### Your goal
Each entry should be restated word for word, with all pictures left out.
*** Opening of Exercise materials ***
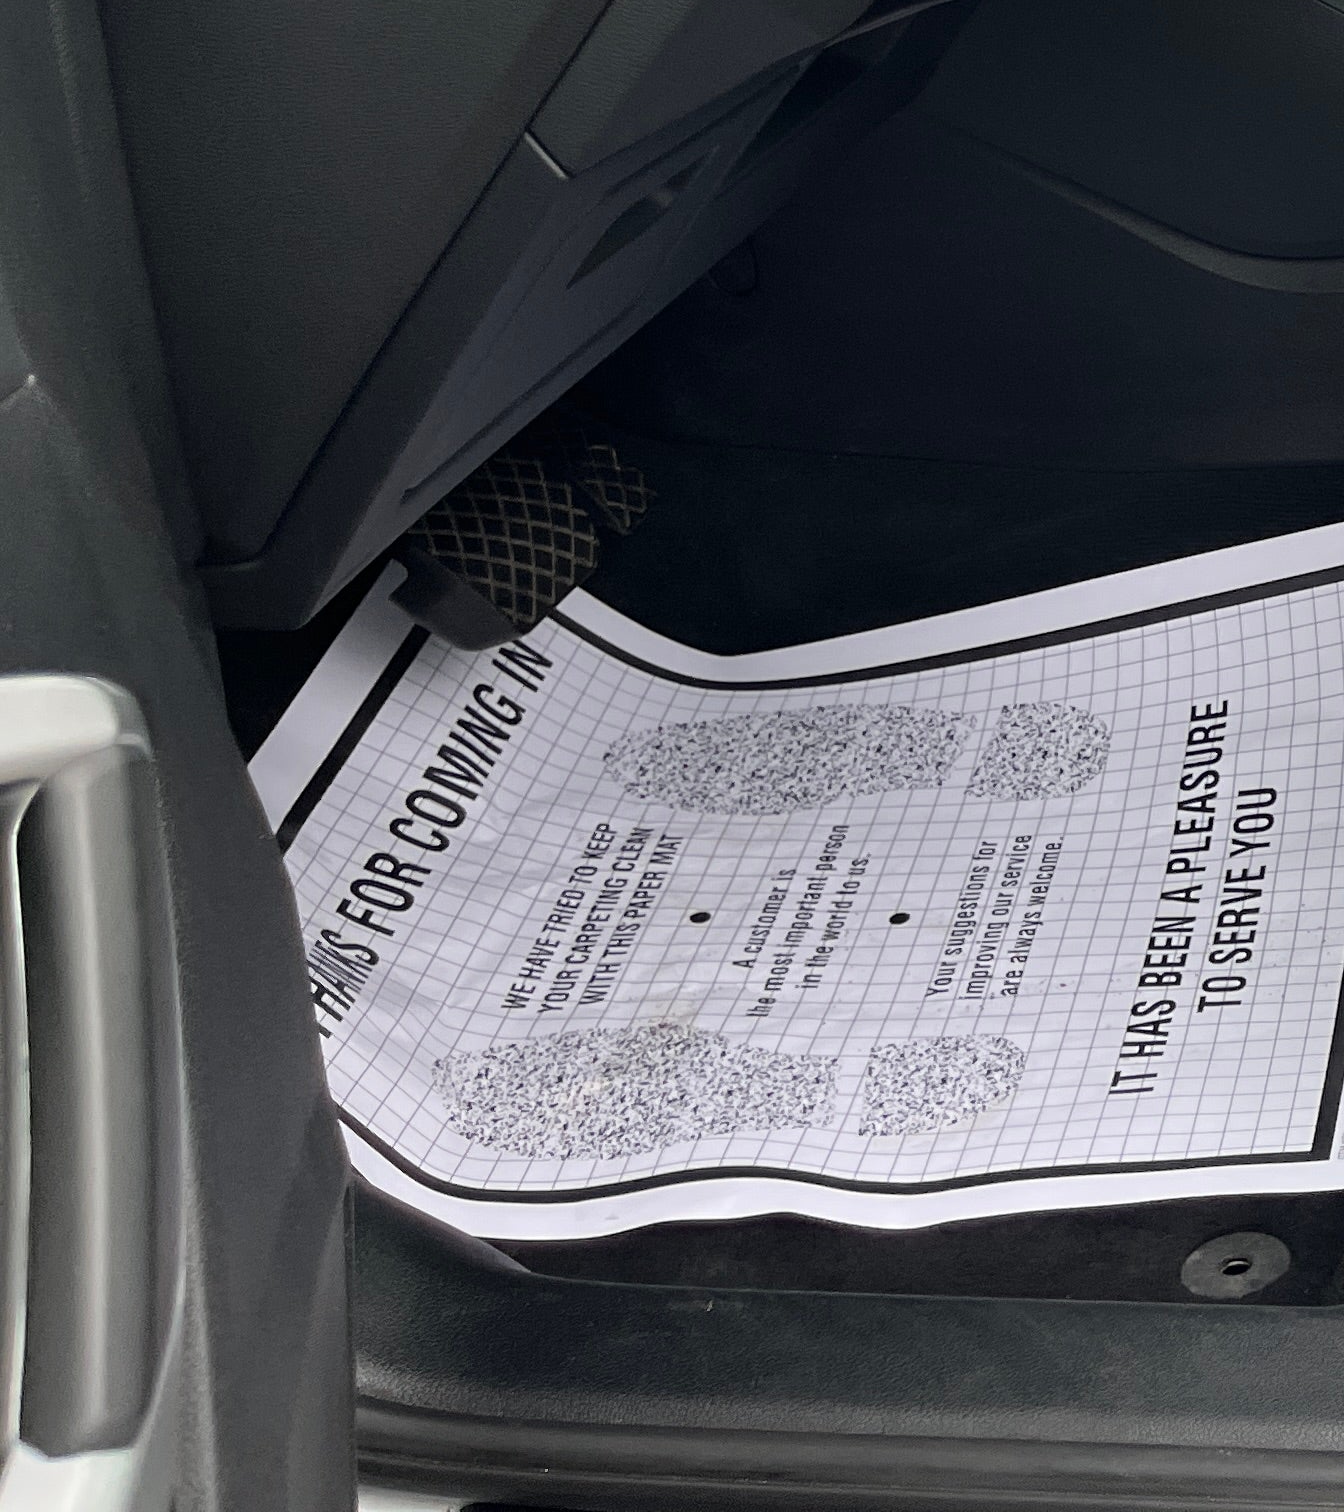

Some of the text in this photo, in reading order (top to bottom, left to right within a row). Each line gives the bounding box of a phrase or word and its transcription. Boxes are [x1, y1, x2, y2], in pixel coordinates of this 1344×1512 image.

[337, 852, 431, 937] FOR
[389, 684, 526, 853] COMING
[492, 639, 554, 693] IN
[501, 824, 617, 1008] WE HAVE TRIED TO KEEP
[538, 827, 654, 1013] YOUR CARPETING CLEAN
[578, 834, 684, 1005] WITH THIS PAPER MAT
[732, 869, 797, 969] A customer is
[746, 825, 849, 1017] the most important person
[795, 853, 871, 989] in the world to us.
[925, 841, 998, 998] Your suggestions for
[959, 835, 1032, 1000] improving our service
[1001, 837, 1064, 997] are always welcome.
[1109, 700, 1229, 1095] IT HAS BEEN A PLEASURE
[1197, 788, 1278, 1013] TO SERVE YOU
*** Close of Exercise materials ***
### Your response
Some of the text in this photo, in reading order (top to bottom, left to right within a row). Each line gives the bounding box of a phrase or word and its transcription. Boxes are [x1, y1, x2, y2], in pixel coordinates of this 1344×1512 image.

[337, 852, 431, 937] FOR
[389, 684, 526, 853] COMING
[492, 639, 554, 693] IN
[501, 824, 617, 1008] WE HAVE TRIED TO KEEP
[538, 827, 654, 1013] YOUR CARPETING CLEAN
[578, 834, 684, 1005] WITH THIS PAPER MAT
[732, 869, 797, 969] A customer is
[746, 825, 849, 1017] the most important person
[795, 853, 871, 989] in the world to us.
[925, 841, 998, 998] Your suggestions for
[959, 835, 1032, 1000] improving our service
[1001, 837, 1064, 997] are always welcome.
[1109, 700, 1229, 1095] IT HAS BEEN A PLEASURE
[1197, 788, 1278, 1013] TO SERVE YOU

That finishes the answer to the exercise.